Per un giocatore è davvero un problema giocare due volte a settimana?
Per me no. Se non scendessimo in campo per una partita, ci sarebbe comunque un allenamento: non fa alcuna differenza. È meglio giocare allora, per i tifosi, per l’atmosfera, per la nostra carriera: io lo preferisco sempre.
Come si trova a Varese rispetto alle altre città italiane in cui hai vissuto?
Mi piace molto la città ed oltretutto qui è tutto molto comodo per noi giocatori. I tifosi? Sono molto tosti, ma lo dico in un’accezione positiva. C’è una grande storia e giustamente si vuole la miglior stagione ogni anno. Per me è giusto, normale, e aggiungo che noi vogliamo cambiare in questo 2017 e regalare ai tifosi le soddisfazioni che meritano.
Se lo aspettava un tifo così “esigente”?
No, non me lo aspettavo. L’unica volta che ho avuto modo di capire quanto i varesini fossero così caldi è stata quando arrivai qui con Pesaro: da voi c’era coach Frates, io ero un rookie e fu molto difficile giocare a Masnago. A Varese la gente vuole vincere ed è bello, è giusto.
Lei nasce in una famiglia di nigeriani immigrati a New York ed è il settimo di otto fratelli. Come è stato crescere in una famiglia così numerosa?
Bello e brutto allo stesso tempo: bello perché impari molte cose e in molti ti proteggono se hai un problema. Brutto perché devi lottare per ogni cosa e condividere tutto in casa.
Chi è più forte, lei o sua sorella Nicky (ex giocatrice Wnba che ora ha appeso le scarpe al chiodo)?
Io, chiaramente (ride). Ma solo perché lei ha giocato a un livello più semplice del mio.
Sua sorella però è arrivata fra i professionisti... Lei, invece, continua a sognare un approdo in Nba?
Sì, ho fatto per due volte la Summer League e sarà sempre un sogno quello di giocare in Nba. Ogni volta che metti piede in campo, non sai mai chi può esserci ad osservarti e quindi ogni anno cerco di dare il massimo per avere una chance di giocare in the League.
Ha avuto una grande carriera tra l’high school ed il college (Siena) , distinguendosi sempre come un grande rimbalzista e vincendo per due anni di fila le classifiche di specialità della sua division. Sono davvero sempre state le “carambole” la sua arma principale?

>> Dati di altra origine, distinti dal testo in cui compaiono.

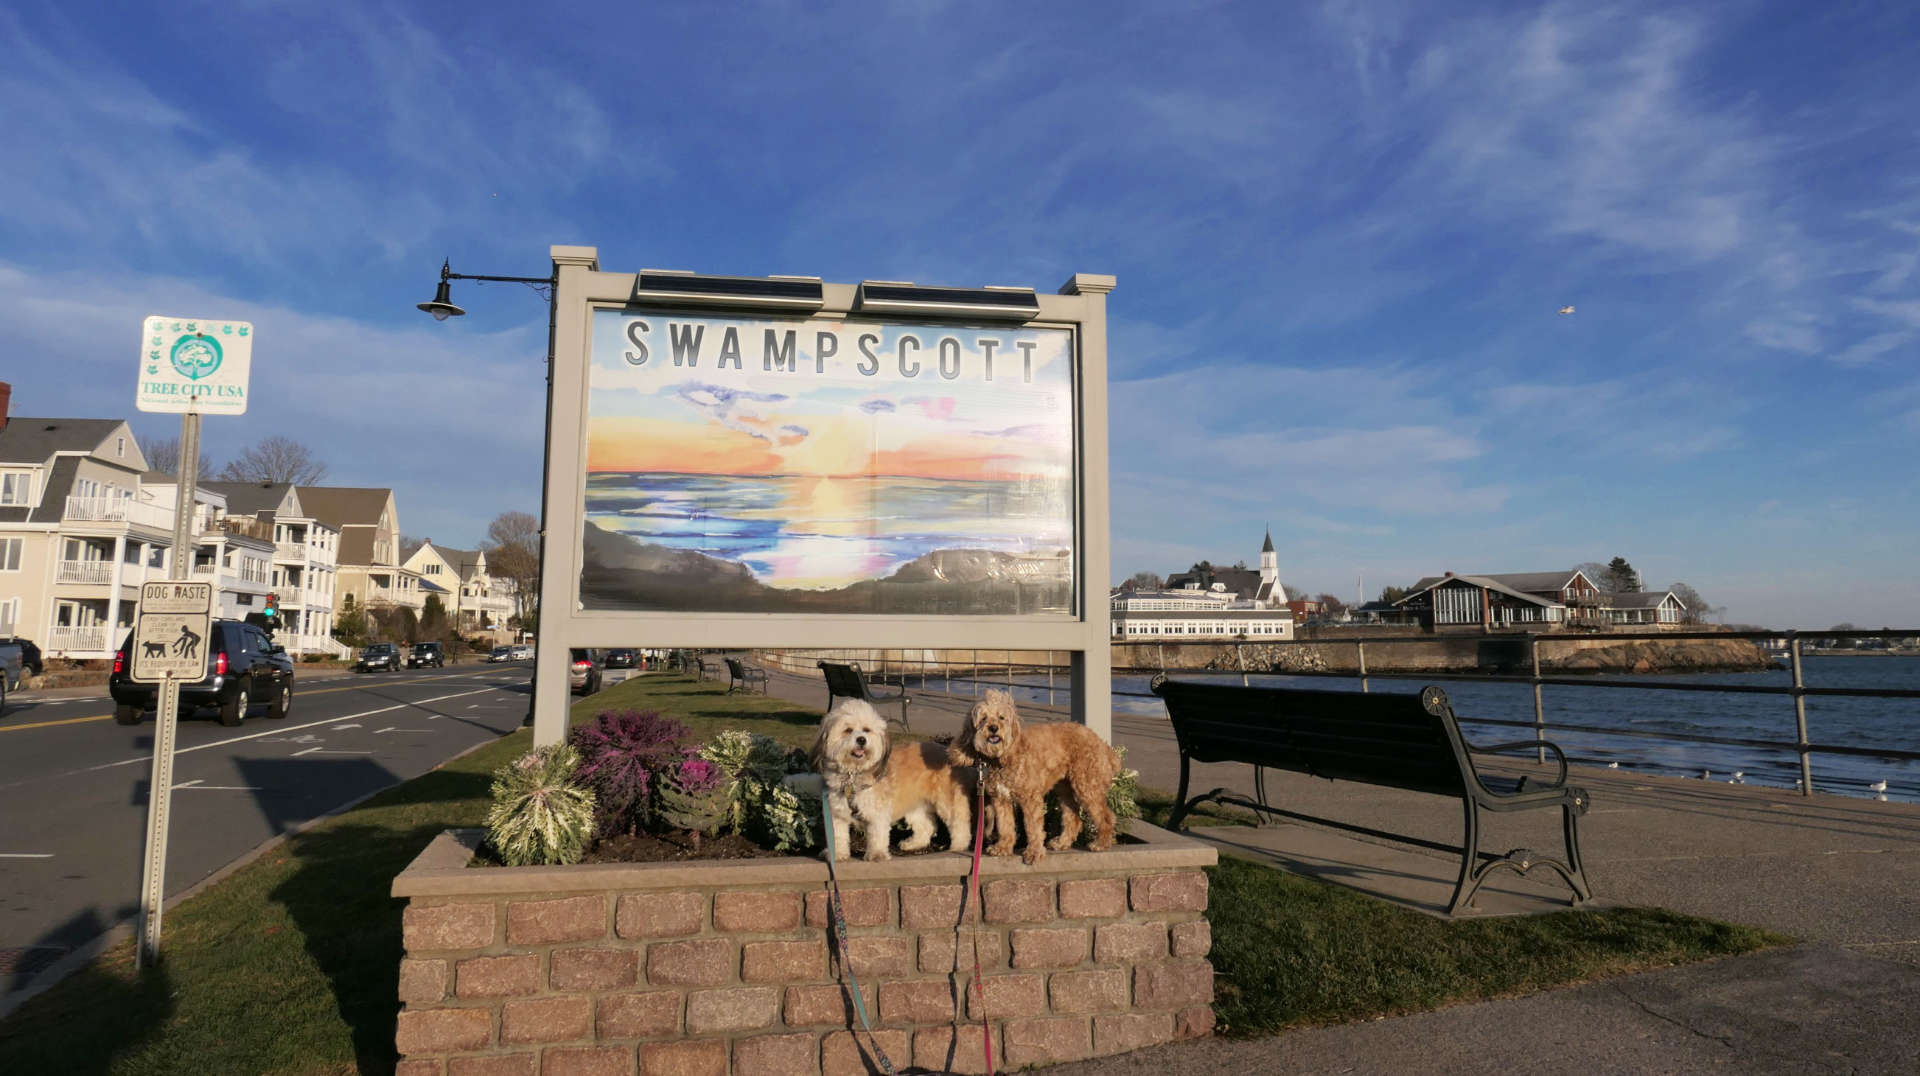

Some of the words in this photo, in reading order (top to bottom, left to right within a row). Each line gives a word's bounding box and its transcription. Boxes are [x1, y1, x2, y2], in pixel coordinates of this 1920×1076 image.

[625, 320, 1037, 383] SWAMPSCOTT
[142, 382, 179, 395] TREE
[182, 383, 214, 397] CITY
[217, 384, 244, 398] USA
[147, 586, 168, 599] DOG
[174, 586, 207, 600] WASTE

Sì, i rimbalzi sono sempre stati la mia caratteristica principale, fin dall’inizio della mia carriera. Credo che i tifosi o gli allenatori solitamente apprezzino maggiormente chi segna, perché è più bello segnare venti punti. Per me però è meglio tirare giù venti rimbalzi. Ed è bello che coach Caja riconosca il mio lavoro, sa che magari non segno 20, 15 o 10 punti, ma sa che lotto ogni volta per i rimbalzi. Segnare è talento, prendere rimbalzi è lotta, energia. Se fossi un coach, prenderei qualcuno che possa lottare in ogni partita, ecco perché mi piace questo fondamentale.

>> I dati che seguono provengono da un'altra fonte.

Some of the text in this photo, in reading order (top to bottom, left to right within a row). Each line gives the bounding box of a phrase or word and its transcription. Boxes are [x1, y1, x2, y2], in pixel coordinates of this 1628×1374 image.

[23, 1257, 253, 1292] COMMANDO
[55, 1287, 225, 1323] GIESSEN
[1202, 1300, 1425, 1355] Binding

Dai suoi “ricordi di scuola” emerge anche che lei è sempre stato uno studente brillante... Che lavoro le piacerebbe fare dopo la sua carriera nel basket giocato?
Mi piacerebbe rimanere nel mondo della pallacanestro, in realtà. Spesso parlo con Claudio Coldebella e gli confesso il sogno di diventare un general manager, magari anche in Italia (e per questo sto imparando anche l’italiano...). Oppure un head coach all’università negli States.
Nel suo futuro più immediato cosa vede?
Penso che, se finiremo la stagione bene, se ci salveremo, potrò anche aspirare a qualche squadra di Eurocup o di Eurolega. Credo che un giocatore che va a rimbalzo sia utile ad alti livelli in Europa. Ed il mio obiettivo è arrivare al livello più alto possibile.
Prima la salvezza, già... Magari da festeggiare come fece a Pesaro: circolano diverse foto in rete in cui si vede lei sopra il tavolo dell’Adriatic Arena come se fosse un capo-popolo dei tifosi...
Spero che accada ancora, che accada anche qui... Il punto è che abbiamo tutto ciò che ci serve, non dobbiamo cambiare o diventare matti. Dobbiamo solo continuare a lottare e a lavorare, abbiamo bisogno dei tifosi al nostro fianco, dobbiamo ascoltare il coach.
Che sfida sarà quella di domenica contro Sassari?
La Dinamo costruisce sempre squadre di talento e ha un ottimo coach come Pasquini. Dovremo essere molto concentrati sul loro talento offensivo per non farli segnare con facilità. Difesa e aggressività, un tifo caldo, e potremo vincere.